耀帝と燕碑、上位天使達、マイスターや操者達を始め、商業エリアで店を持つ者達や仕事が無く明日の食べる物に困っていたが仕事が出来未来を見出した者達、皆笑顔だった。
「懐記殿、皆で作った物です。船で召し上がって下さい」
「ありがと、また画面越しに料理しよ」
「はい…」
「みんな!《アタラクシア》に野菜出すしまた食べてよ!」
「唐揚げ食べて」
「パンも…うう」
「店休みにしてたっくさん作った菓子、食ってくれ!」
五衰が布に包んだ重箱を懐記に渡す、笑ってはいるが寂しそうだ懐記はそれを受け取りまたスマートフォンで連絡するし料理しようと約束する。
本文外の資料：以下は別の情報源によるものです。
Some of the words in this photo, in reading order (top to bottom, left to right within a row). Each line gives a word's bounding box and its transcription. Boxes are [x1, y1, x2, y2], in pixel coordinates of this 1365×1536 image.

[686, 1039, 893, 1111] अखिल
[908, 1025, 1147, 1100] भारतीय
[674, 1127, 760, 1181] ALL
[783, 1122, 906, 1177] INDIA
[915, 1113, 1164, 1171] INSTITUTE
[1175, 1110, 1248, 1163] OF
ジュカがナチェに野菜を詰め込んだ収納袋を渡す、ホセサライは揚げ立ての唐揚げを籠に山盛りしてフォンに渡し、チェニエは泣きながらパンを詰めた篭をフェシェスタに託し、ビヒメゴも沢山焼いた菓子をギーギスに渡した。
「またあそばーね!」
「君達から預かったゴーレムやマンドランド、お化け野菜達は丁重に扱おう、ありがとう…」
ラグージェとアンフルパスが礼を言い、ジラとイシュターが頷いた。
「君達の旅は君達が長いと思えば長い、短いと思えば短い。楽しんでくれ」
「お前達ならばどんな旅とて愉しめそうだな」
ファーツコクスとアナスタリタスが懐記達に手向けの言葉を投げる、繋がりも縁も出来たもう2度と会えない訳ではない、シュリやマユラ達は握手を交わしそして《異空鳥》へ乗り込んでいく、奇しくも違と千歳達が出発した時間と同じ時間に《アストマーズ》を発つ。
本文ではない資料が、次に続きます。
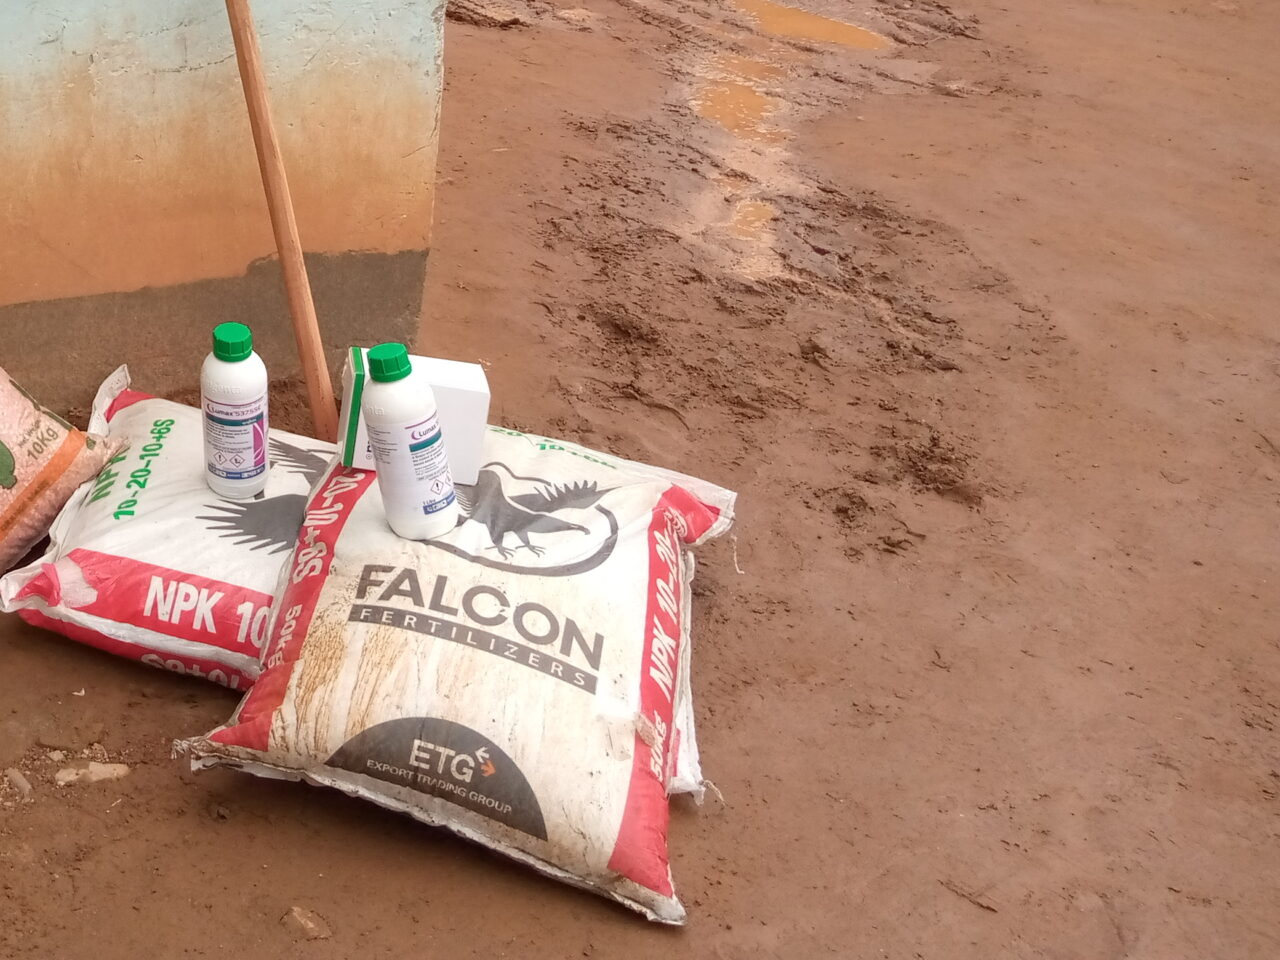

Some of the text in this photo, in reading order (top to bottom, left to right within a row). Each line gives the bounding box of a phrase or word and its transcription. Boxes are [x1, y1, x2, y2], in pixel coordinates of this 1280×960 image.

[27, 426, 58, 460] 10Kg
[113, 419, 175, 520] 10-20-10+6S
[143, 575, 224, 634] NPK
[355, 564, 604, 671] FALCON
[359, 608, 586, 687] FERTILIZERS
[649, 618, 677, 704] NPK
[367, 759, 512, 814] EXPORT TRADING GROUP
[409, 738, 476, 783] ETG
《異空鳥》が宙に浮び地上で手を振ってくれる皆に手を振り、そして…神々と外神、ファーツコクスとアナスタリタスの魔石と光石を使い異空へと消えていった…。



「次の世界へ移動しましたね…」
「次はどんな世界なのでしょうか」
「それも気になる所だが、千歳から齎されたこの手帳…」
「生きている……あの《魔王録》《魔人録》と同じ物なのです」
「これは異な事ですね…現在我々でも《魔王録》《魔人録》の所在は不明です」
「ふむ…一見なんの変哲もない手帳に擬態した生きた手帳だが…」
「動いてはいないな、本来の持ち主がいなければ動かない性質なのかもしれない」
「引き続き調べる必要がある」
「我々も無知が過ぎます、こうまで遅れを取ってしまうとは…」
「《アタラクシア》の病、第12位の魔王、第10位の魔王の所在、4千年前の魔人、外神の件や召喚魔法…上げたらきりがありません」
「《アタラクシア》の病は治りました、救世主達に《アタラクシア》での生活を楽しんでもらう…めでたしめでたし…の筈だった」
「我々が知らず、第12位と4千年前の魔人達が知っている事が多々あるという事ですね」
「……今はまず外神達の向かう世界、大河達の向かう帝国、そしてこの手帳に記された次の国、またそこで何かが分ると思います」
《神の庭》神々が外神、大河、千歳達が旅立つ様子を見届け、テーブルの中央に置かれた手帳の分析を行いつつ話し合う、少しずつだが前に進めて行く他ない……。